• What to work on
Pictures aside, repeat every entry exactly.
•••
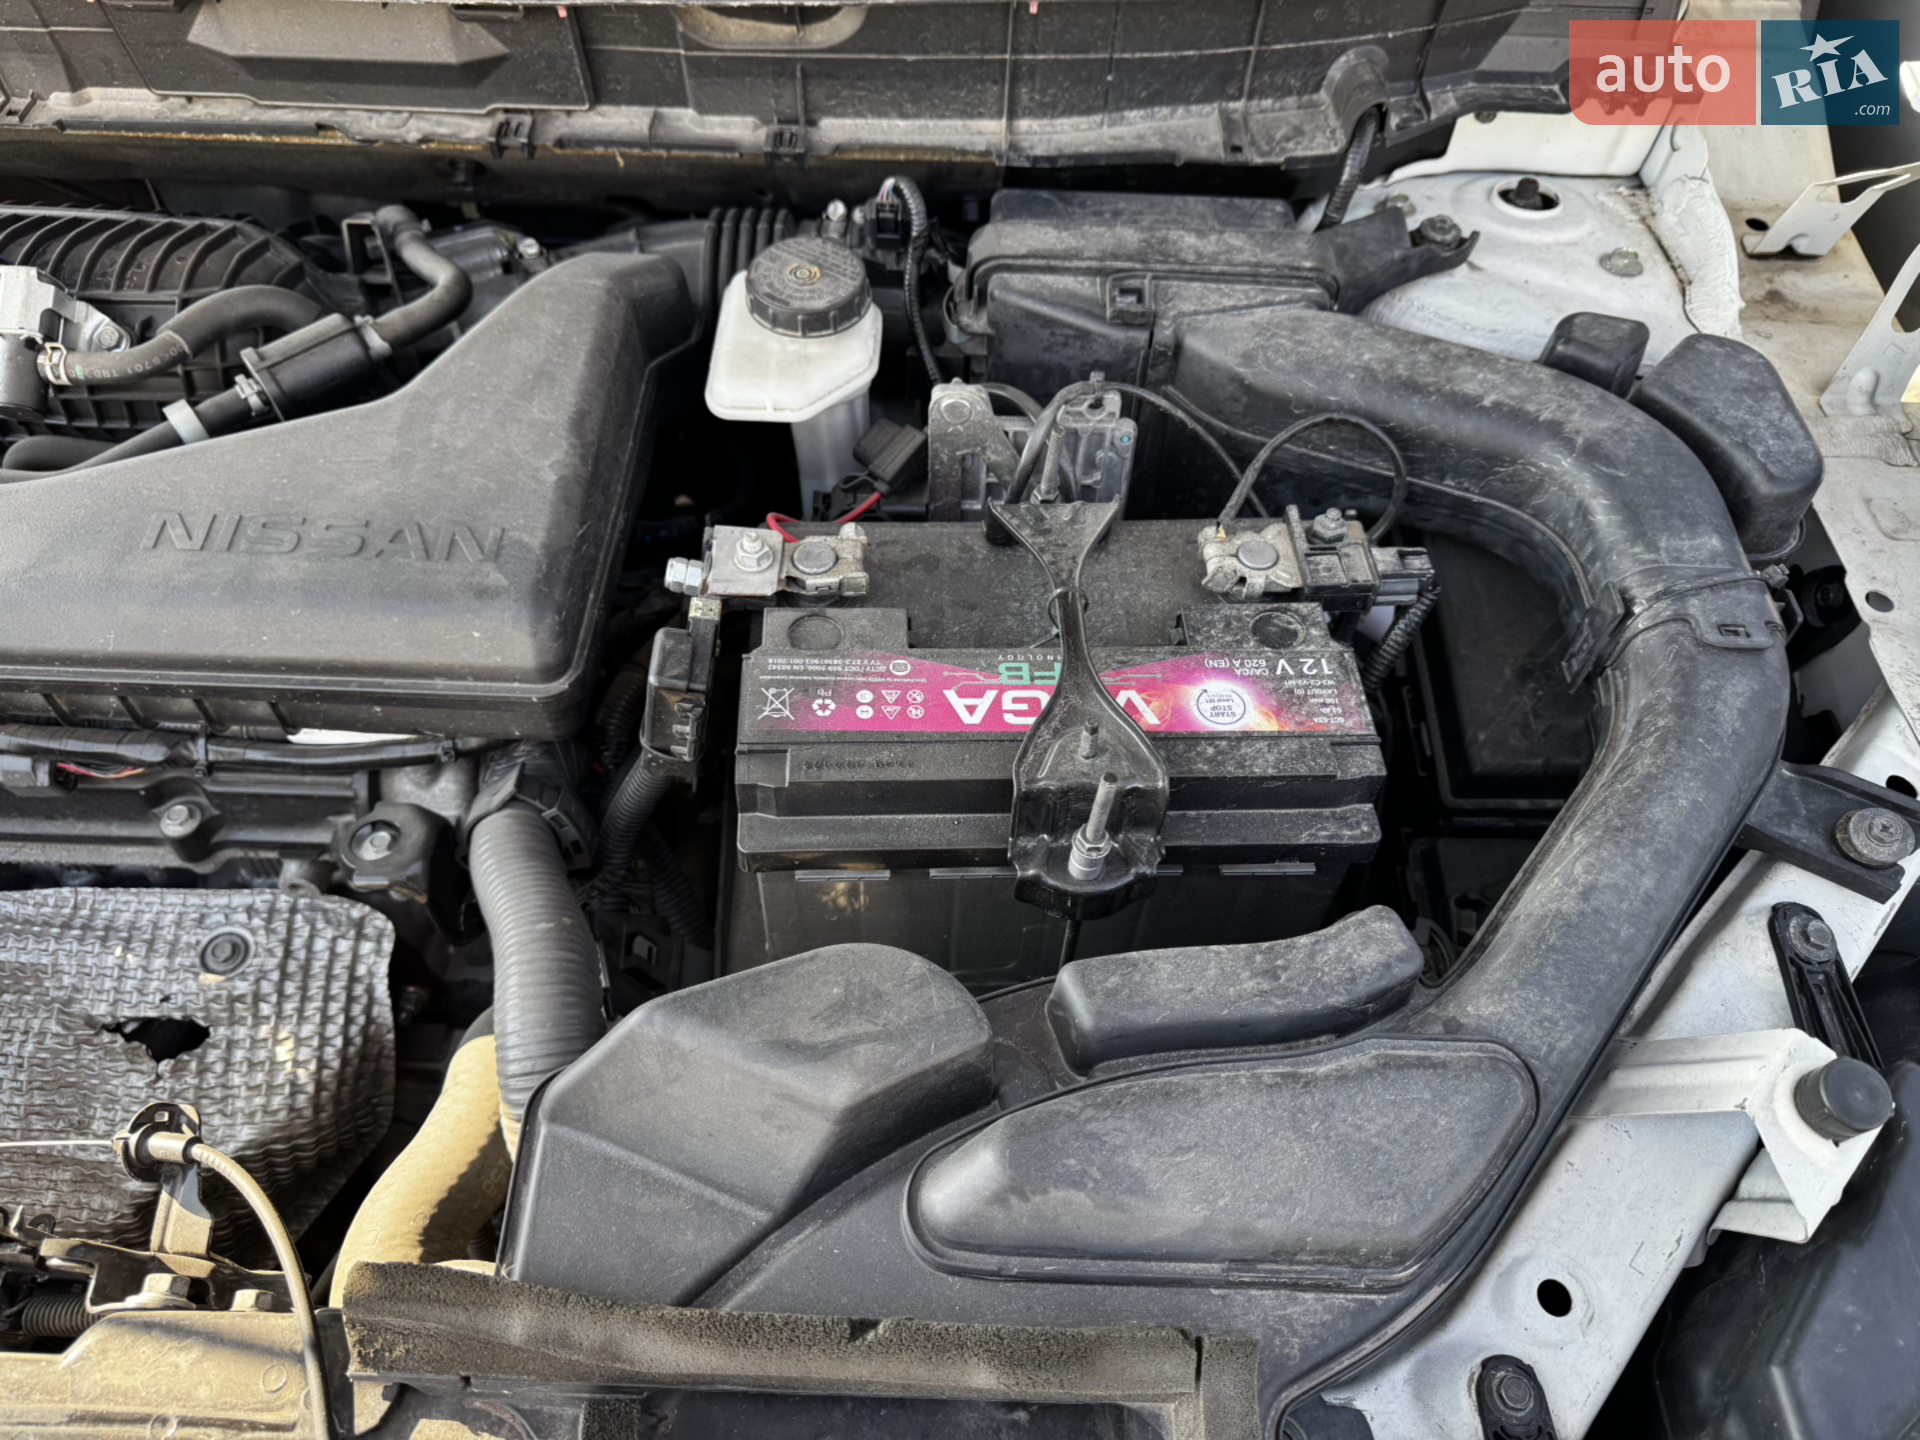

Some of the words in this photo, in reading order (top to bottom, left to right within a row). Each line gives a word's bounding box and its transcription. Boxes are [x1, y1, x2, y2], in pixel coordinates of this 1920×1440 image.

[139, 512, 506, 563] NISSAN
[1204, 658, 1230, 669] (EN)
[1232, 658, 1241, 668] A
[1245, 658, 1267, 668] 620
[1275, 658, 1295, 676] V
[1299, 658, 1334, 676] 12
[998, 662, 1062, 686] FB
[817, 688, 832, 697] Pb
[942, 690, 1161, 725] VGA
[1210, 704, 1233, 712] STOP
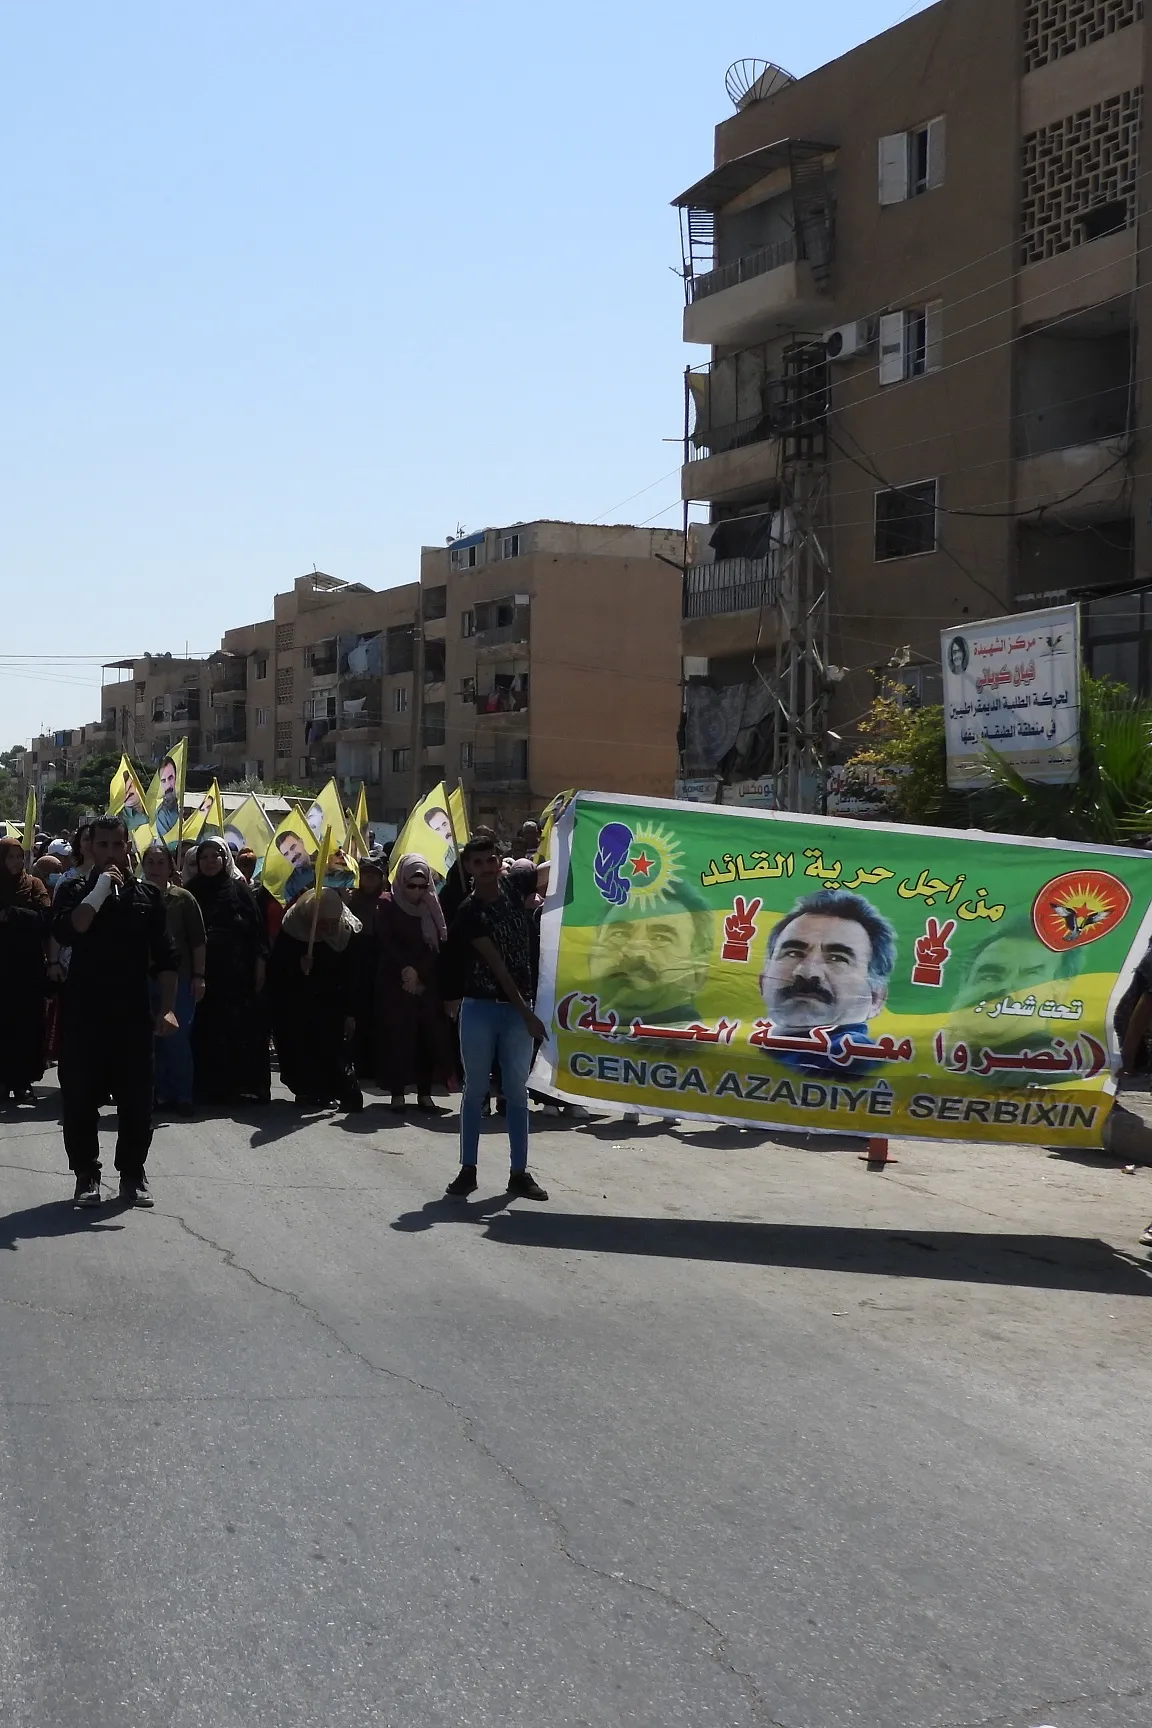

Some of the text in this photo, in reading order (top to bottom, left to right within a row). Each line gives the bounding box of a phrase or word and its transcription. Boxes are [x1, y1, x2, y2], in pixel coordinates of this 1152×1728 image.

[701, 848, 1006, 922] من أجل حرية القائد
[1038, 1000, 1084, 1020] تحت
[749, 1018, 915, 1066] معركة
[569, 1052, 1098, 1128] CENGA AZADIYÊ SERBIXIN
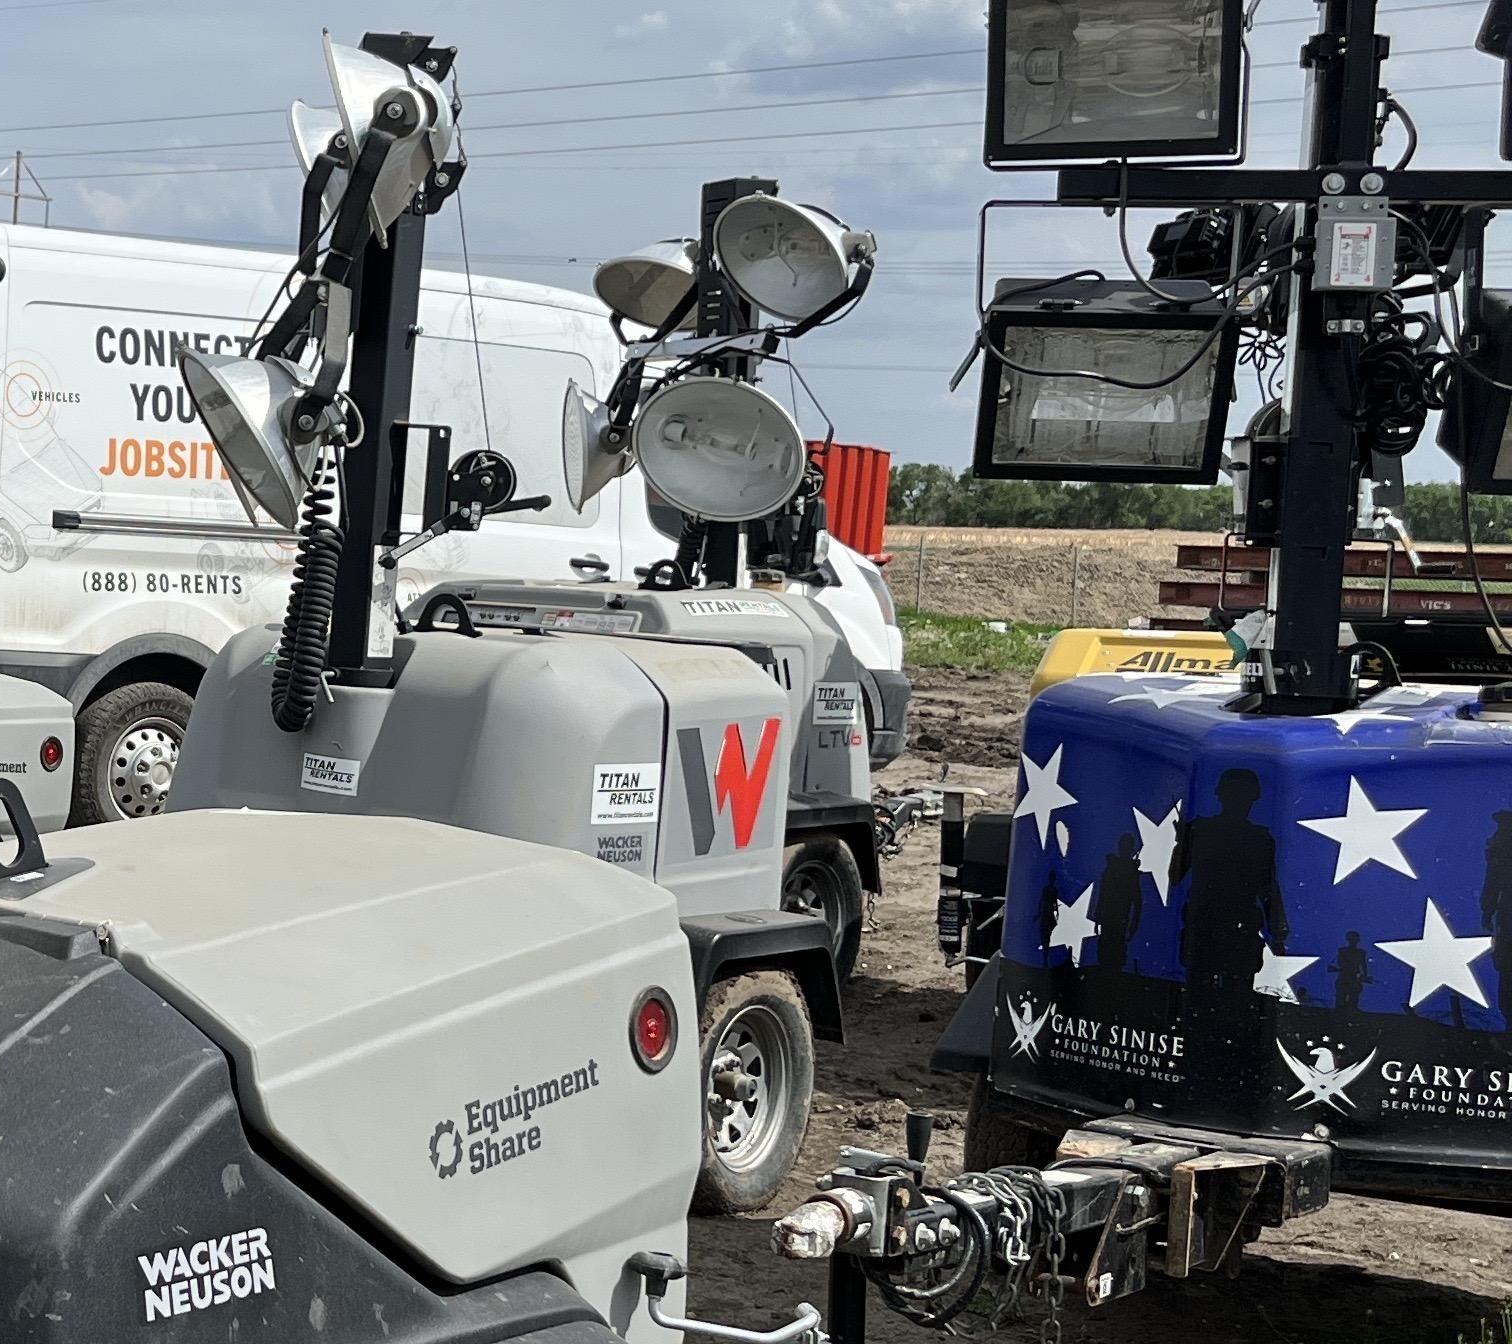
•••
• Result of this task
Some of the words in this photo, in reading order (top to bottom, left to right within a row). Each line gives a word's bounding box and its transcription. Boxes are [x1, y1, x2, y2], in pixel coordinates of this 1920×1440 image.

[139, 512, 506, 563] NISSAN
[1204, 658, 1230, 669] (EN)
[1232, 658, 1241, 668] A
[1245, 658, 1267, 668] 620
[1275, 658, 1295, 676] V
[1299, 658, 1334, 676] 12
[998, 662, 1062, 686] FB
[817, 688, 832, 697] Pb
[942, 690, 1161, 725] VGA
[1210, 704, 1233, 712] STOP

Some of the text in this photo, in reading order (top to bottom, left to right within a row). Each line gives the bounding box of a phrase or word and its transcription. Boxes are [x1, y1, x2, y2], in pixel coordinates of this 1152×1728 image.

[701, 848, 1006, 922] من أجل حرية القائد
[1038, 1000, 1084, 1020] تحت
[749, 1018, 915, 1066] معركة
[569, 1052, 1098, 1128] CENGA AZADIYÊ SERBIXIN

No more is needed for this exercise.